Me voilà bien emprunté pour trouver une réponse adéquate

Ne sachant pas trop si cette question se réfère en réalité

Aux vacances que j’aurais passées en touriste loin de chez moi.

Mettons que je sois en train de déguster une grappe de raisin

Je raffole du raisin. Donc, ce serait tout à fait possible

Que je sois en train de savourer du raisin quand cette question

Arrive. Ou des Châtaignes.
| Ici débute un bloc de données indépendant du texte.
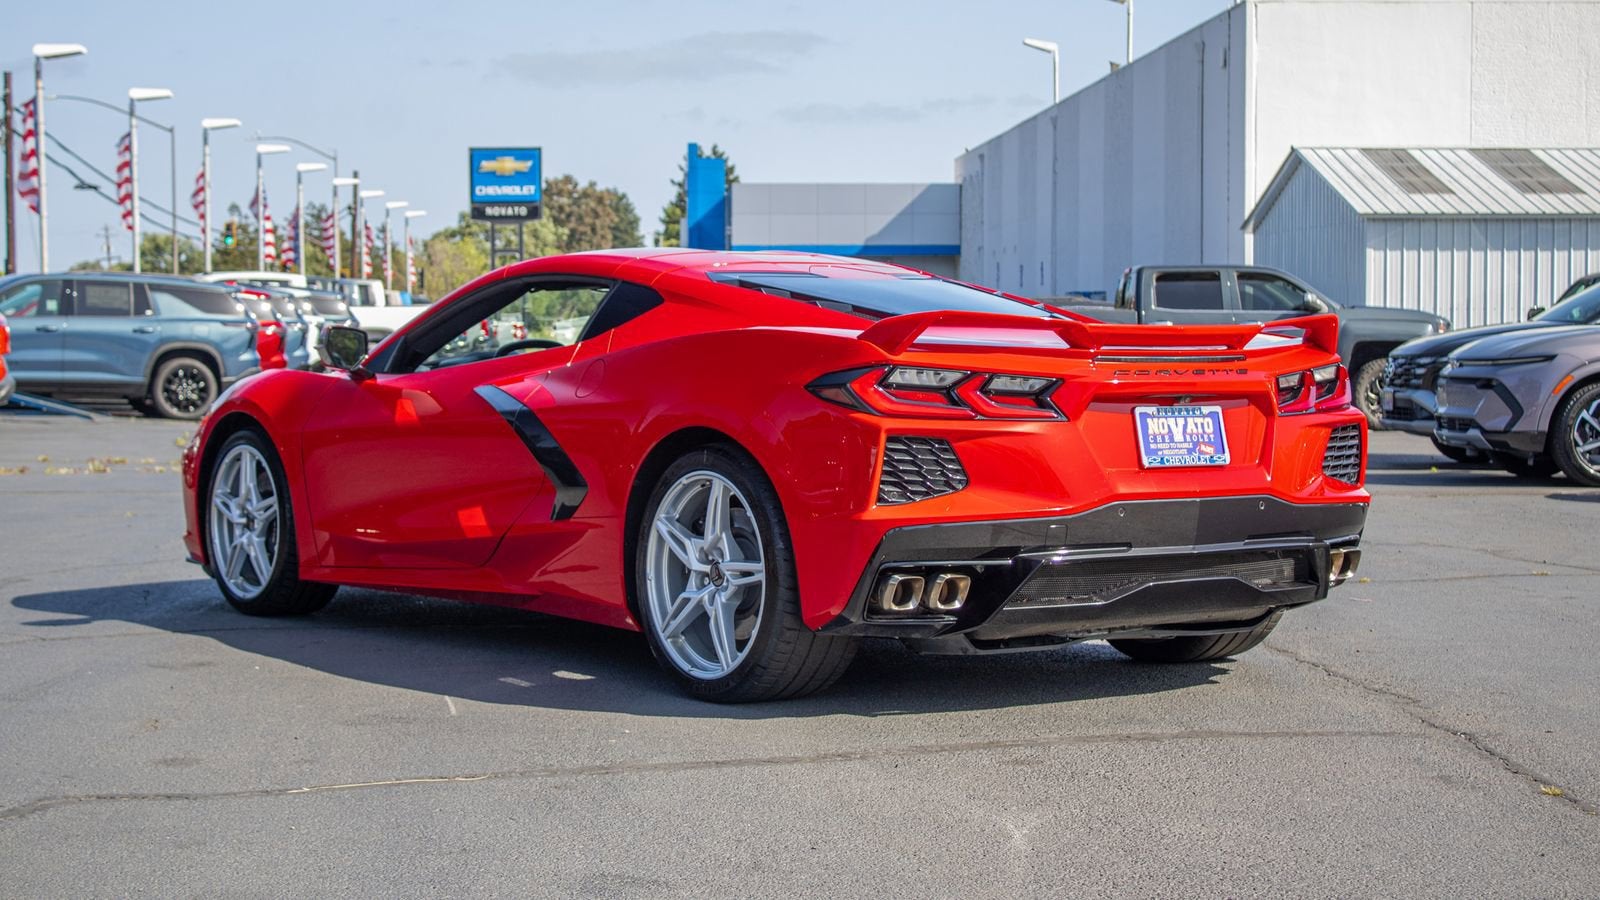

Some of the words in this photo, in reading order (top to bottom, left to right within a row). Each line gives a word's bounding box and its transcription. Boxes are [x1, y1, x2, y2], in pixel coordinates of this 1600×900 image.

J’adore aussi les Châtaignes.

Alors oui ! Je dirai : «j’ai passé un bel été, c’est pour cela

Que j’apprécie tant ces raisins (ou ces châtaignes, ou les deux

À la fois) : ils viennent de là où je visitais mes producteurs !»

Imaginons un instant : nous n’avons eu que quelques jours

Ou quelques semaines tout au plus pour faire connaissance

Tant soit peu avec ce lieu qui nous a hébergés.
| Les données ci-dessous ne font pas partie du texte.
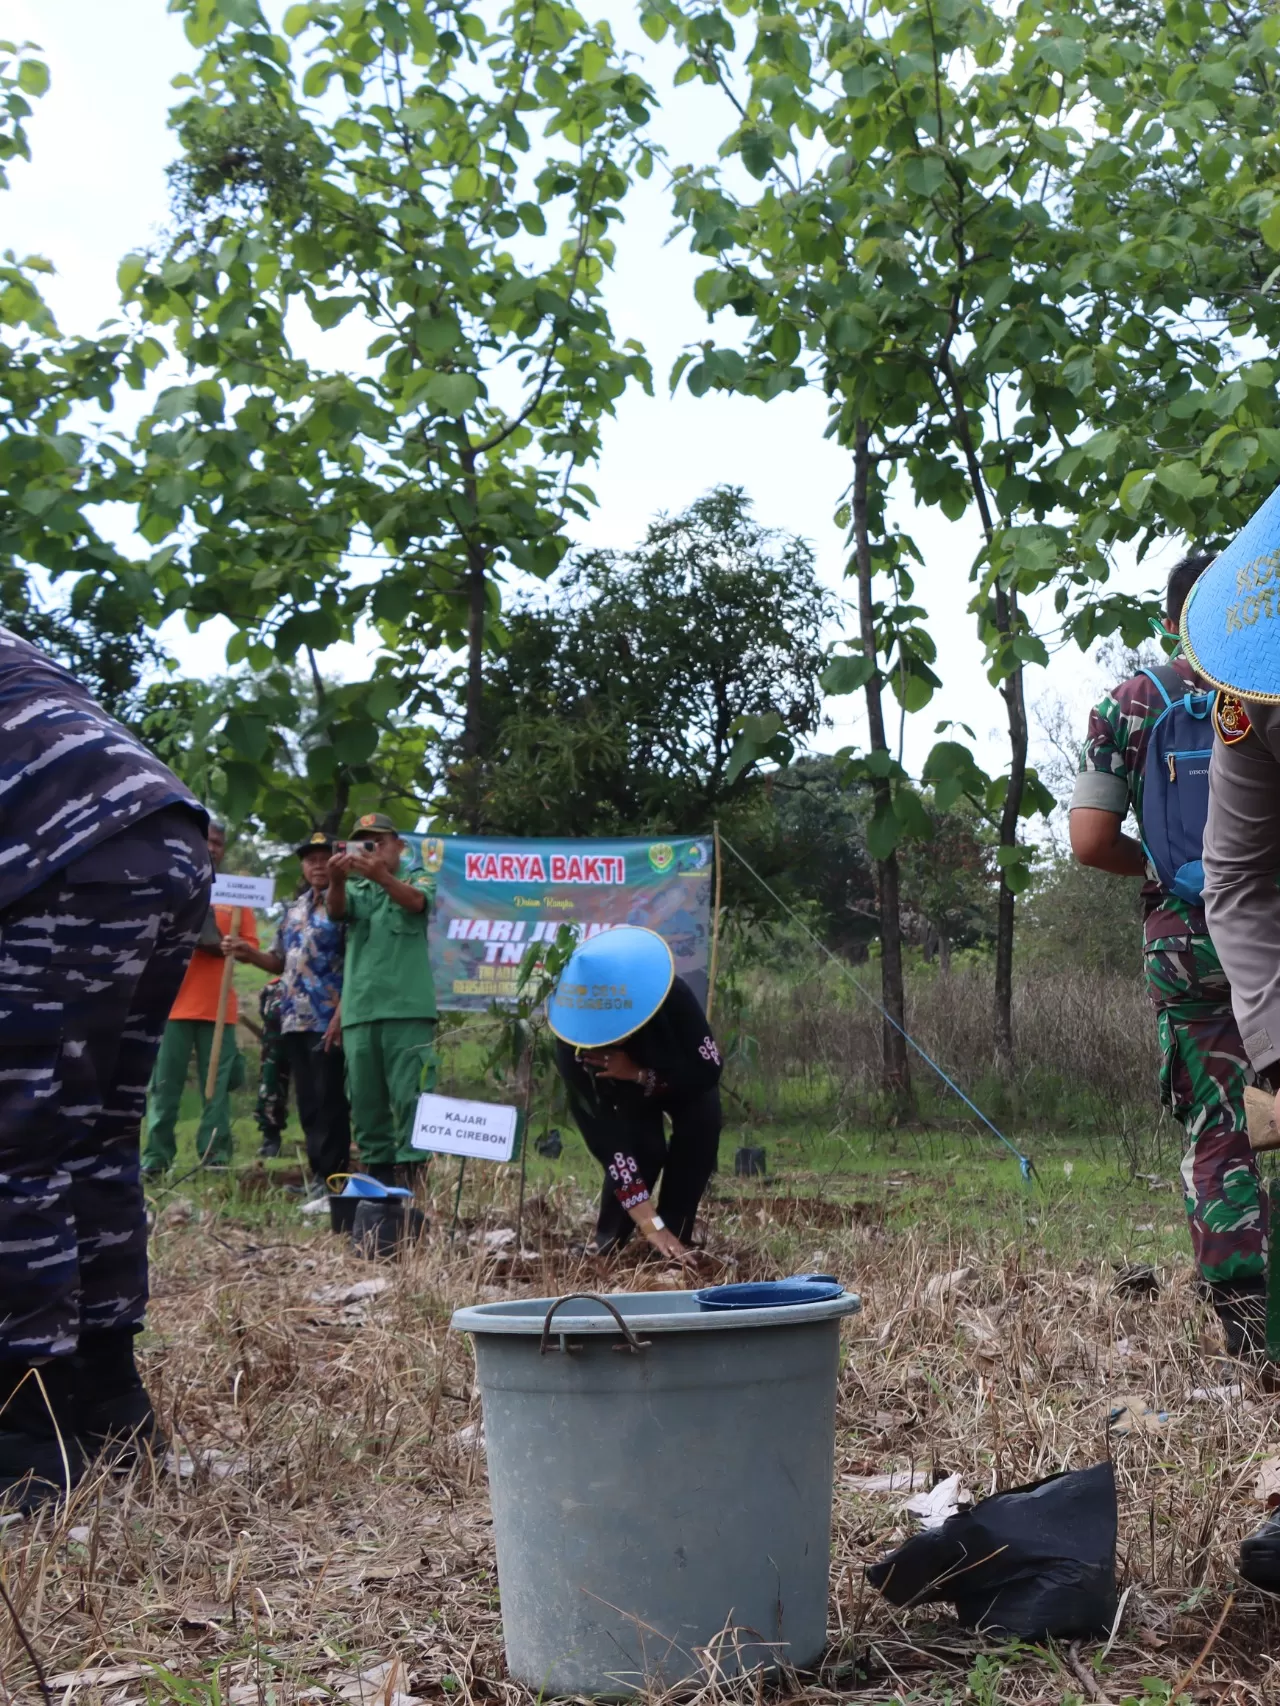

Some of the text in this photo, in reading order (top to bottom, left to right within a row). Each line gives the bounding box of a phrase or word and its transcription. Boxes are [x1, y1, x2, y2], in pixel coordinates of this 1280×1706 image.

[465, 853, 626, 885] KARYA BAKTI
[447, 919, 527, 942] HARI
[445, 1112, 487, 1126] KAJARI
[420, 1124, 507, 1145] KOTA CIREBON
Nous laissant avec ces souvenirs que le temps menace d’effacer.

Et voilà que, comme par enchantement, grâce à ces saveurs

Les beaux moments nous reviennent, et non seulement eux

Mais aussi, dans leur sillage toutes ces impressions ébauchées

Dans notre esprit, entre rêves, espoirs, suggestions…

Quand j’aurai croqué mon ultime grain ou pelé ma dernière

Châtaigne, je m’assiérai confortablement en écoutant les sons

Qui éclosent, le balancement de la voix, le flux des paroles

Dans leur vitesse de croisière… Et je fermerai les yeux.

Alors défileraient devant moi les paysages aimés de mes séjours

Les horizons lointains, la dimension de l’infini, la mémoire des âges.

Et en les rouvrant, la brise caresse toujours  encore les épillets,

Le Grillon stridule à l’orée de son terrier, l’Alouette frémit dans l’azur

Et au-delà de la barre rocheuse glisse, furtive, la silhouette de l’Aigle.

Et la falaise elle-même que je scrute dans ses moindres aspérités

Porte en elle le témoignage de cette ombre qui a passé devant elle

Sans rien nous dire d’avant, ni d’après, mais qui attendait simplement

Ce point culminant pour venir jusqu’à moi…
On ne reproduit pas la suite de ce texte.